[INSTRUCTIONS FOR THE TASK] Include the line containing "this 1920×1020 image." and every line after it up to the end of the material below; reproduce them exactly and drop the pictures.

[THE RECORDS]
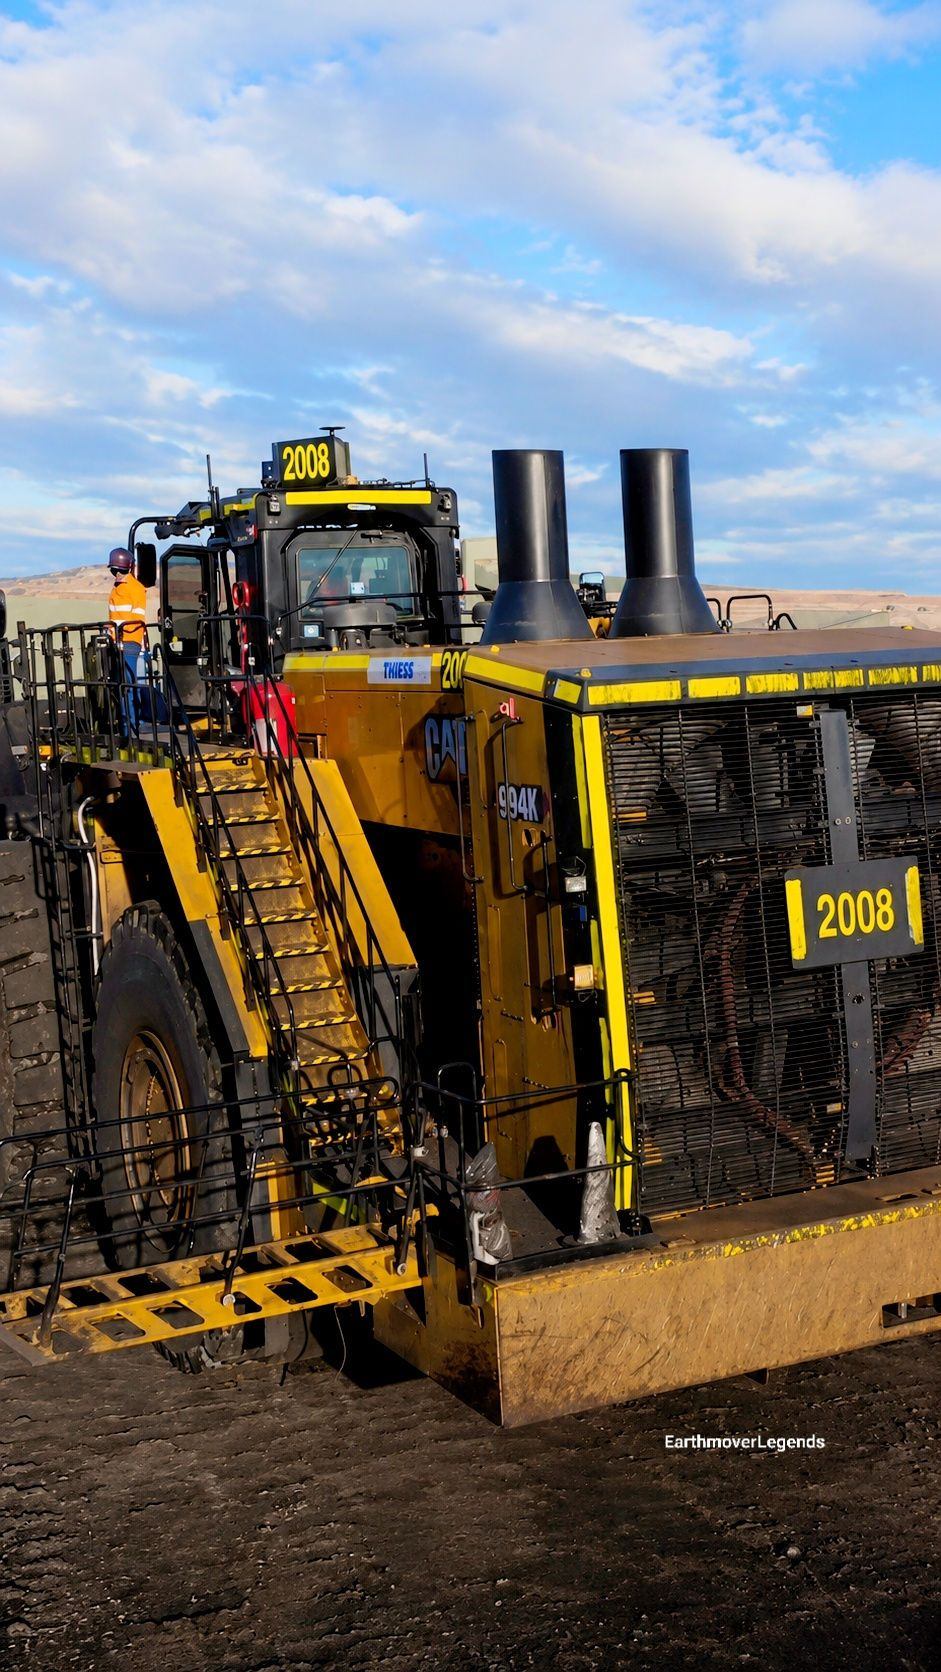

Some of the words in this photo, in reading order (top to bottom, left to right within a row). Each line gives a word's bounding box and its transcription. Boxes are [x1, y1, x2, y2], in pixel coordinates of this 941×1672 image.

[282, 443, 330, 480] 2008
[384, 662, 414, 679] THIESS
[499, 785, 539, 821] 994K
[817, 888, 895, 938] 2008
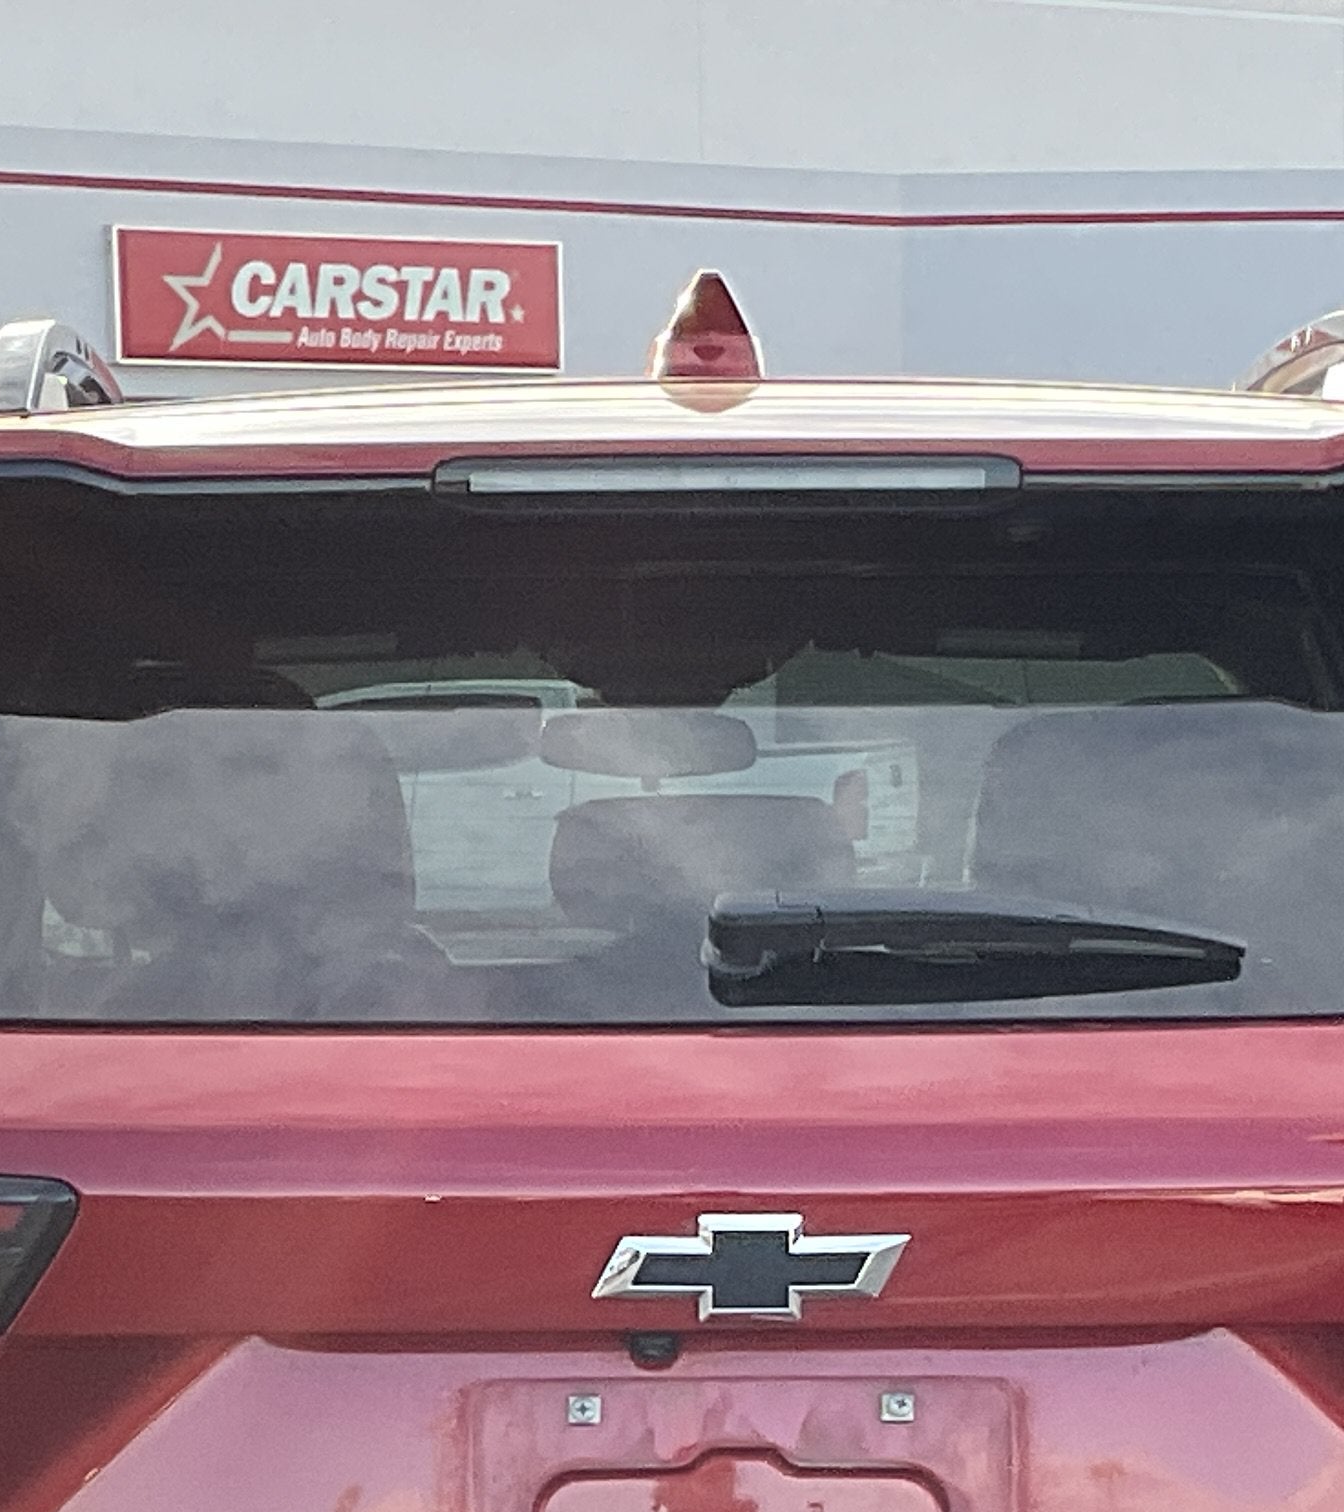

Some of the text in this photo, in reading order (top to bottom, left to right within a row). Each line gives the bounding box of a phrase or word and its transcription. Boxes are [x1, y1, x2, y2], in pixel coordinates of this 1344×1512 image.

[230, 260, 512, 325] CARSTAR
[297, 326, 504, 356] Auto Body Repair Experts
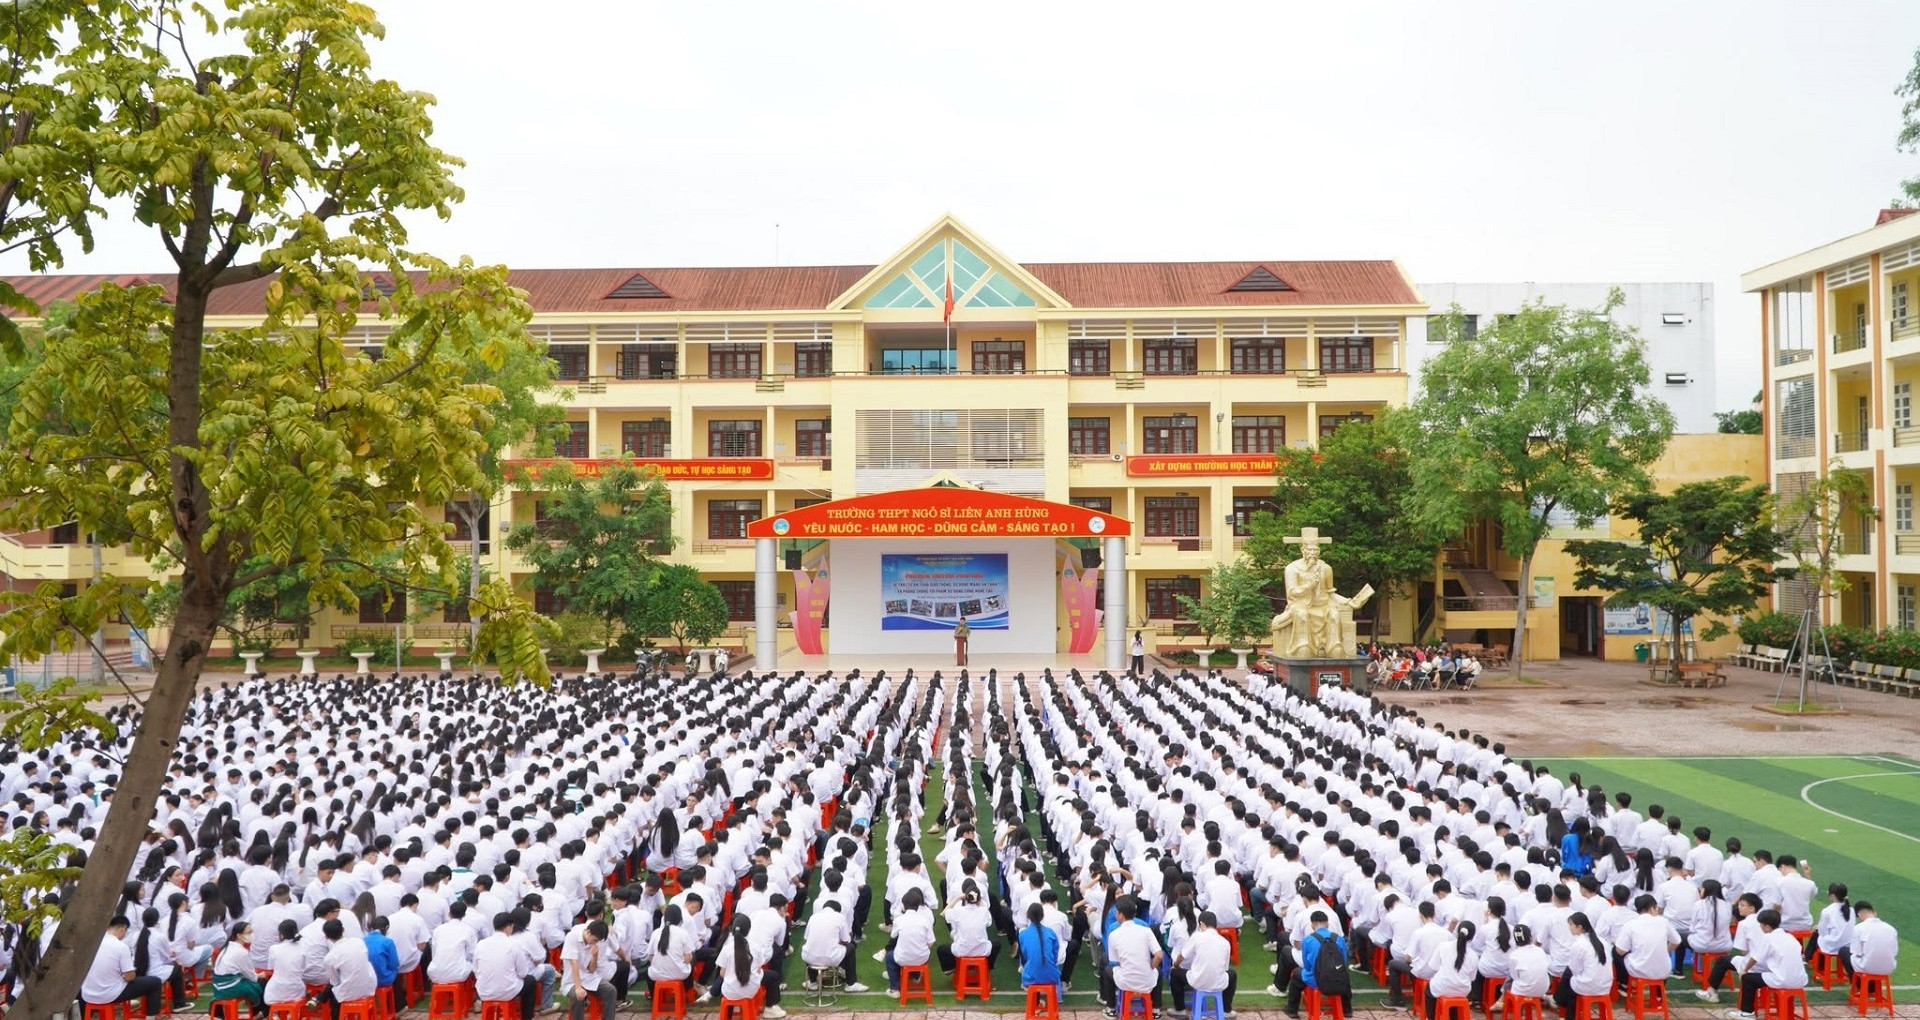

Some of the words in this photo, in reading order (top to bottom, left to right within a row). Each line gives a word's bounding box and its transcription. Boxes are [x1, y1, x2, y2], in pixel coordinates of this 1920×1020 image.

[702, 466, 716, 476] HỌC
[716, 464, 736, 474] SÁNG
[737, 466, 752, 476] TẠO
[1149, 460, 1165, 470] XÂY
[1168, 462, 1192, 472] DỰNG
[1193, 460, 1228, 470] TRƯỜNG
[1230, 461, 1247, 472] HỌC
[1249, 460, 1272, 470] THÂN
[827, 506, 875, 518] TRƯỜNG
[878, 508, 910, 518] THPT
[912, 506, 938, 518] NGÔ
[940, 506, 952, 518] SĨ
[954, 506, 982, 518] LIÊN
[986, 508, 1012, 518] ANH
[1015, 506, 1049, 518] HÙNG
[803, 522, 826, 533] YÊU
[829, 522, 862, 533] NƯỚC
[872, 524, 898, 533] HAM
[900, 524, 925, 535] HỌC
[934, 521, 968, 533] DŨNG
[970, 520, 997, 532] CẢM
[1007, 521, 1040, 532] SÁNG
[1042, 523, 1068, 534] TẠO
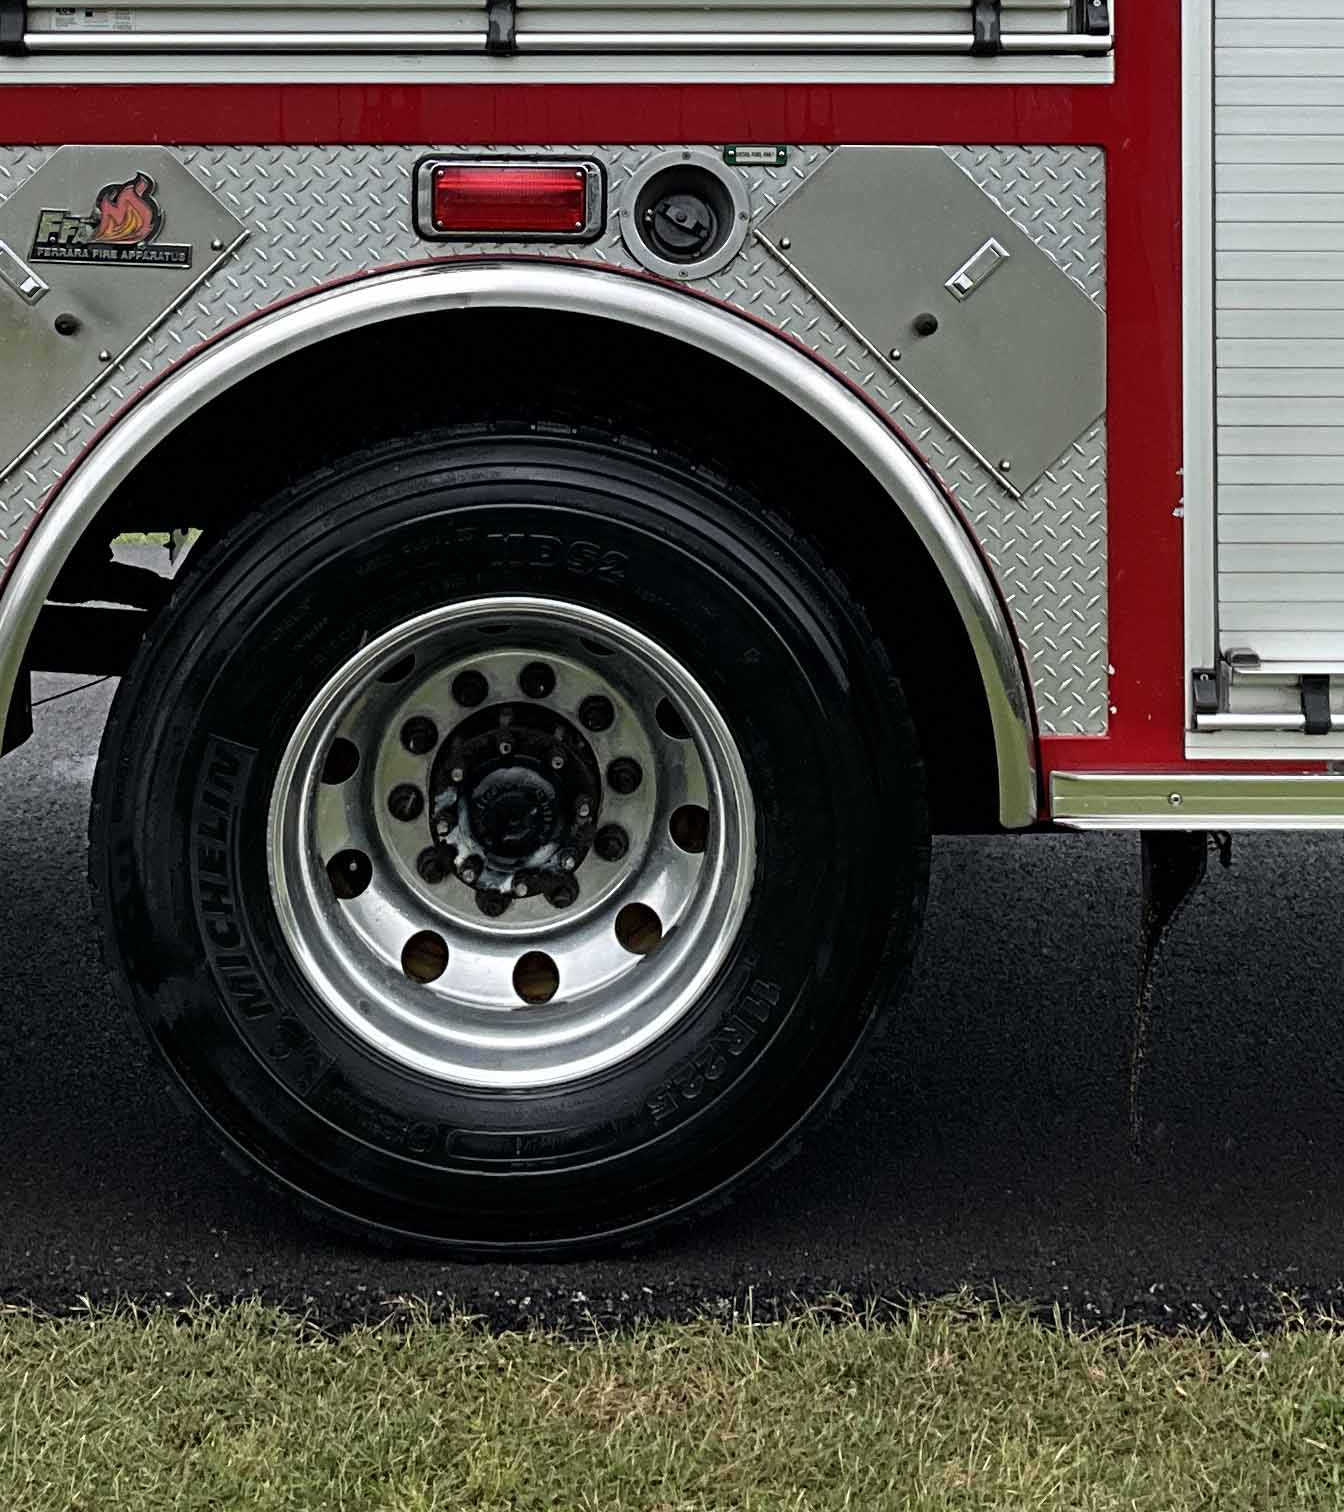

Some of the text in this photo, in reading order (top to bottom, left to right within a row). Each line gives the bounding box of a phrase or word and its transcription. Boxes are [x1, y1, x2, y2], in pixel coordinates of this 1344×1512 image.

[SOLUTION BELOW]
Some of the words in this photo, in reading order (top to bottom, left to right within a row). Each line gives a word's bounding box and its transcription. Boxes are [x1, y1, x2, y2], in pixel coordinates of this 1920×1020 image.

[702, 466, 716, 476] HỌC
[716, 464, 736, 474] SÁNG
[737, 466, 752, 476] TẠO
[1149, 460, 1165, 470] XÂY
[1168, 462, 1192, 472] DỰNG
[1193, 460, 1228, 470] TRƯỜNG
[1230, 461, 1247, 472] HỌC
[1249, 460, 1272, 470] THÂN
[827, 506, 875, 518] TRƯỜNG
[878, 508, 910, 518] THPT
[912, 506, 938, 518] NGÔ
[940, 506, 952, 518] SĨ
[954, 506, 982, 518] LIÊN
[986, 508, 1012, 518] ANH
[1015, 506, 1049, 518] HÙNG
[803, 522, 826, 533] YÊU
[829, 522, 862, 533] NƯỚC
[872, 524, 898, 533] HAM
[900, 524, 925, 535] HỌC
[934, 521, 968, 533] DŨNG
[970, 520, 997, 532] CẢM
[1007, 521, 1040, 532] SÁNG
[1042, 523, 1068, 534] TẠO

Some of the text in this photo, in reading order (top to bottom, left to right within a row). Each line gives the bounding box of a phrase or word and its transcription. Boxes are [x1, y1, x2, y2], in pixel coordinates of this 1344×1512 image.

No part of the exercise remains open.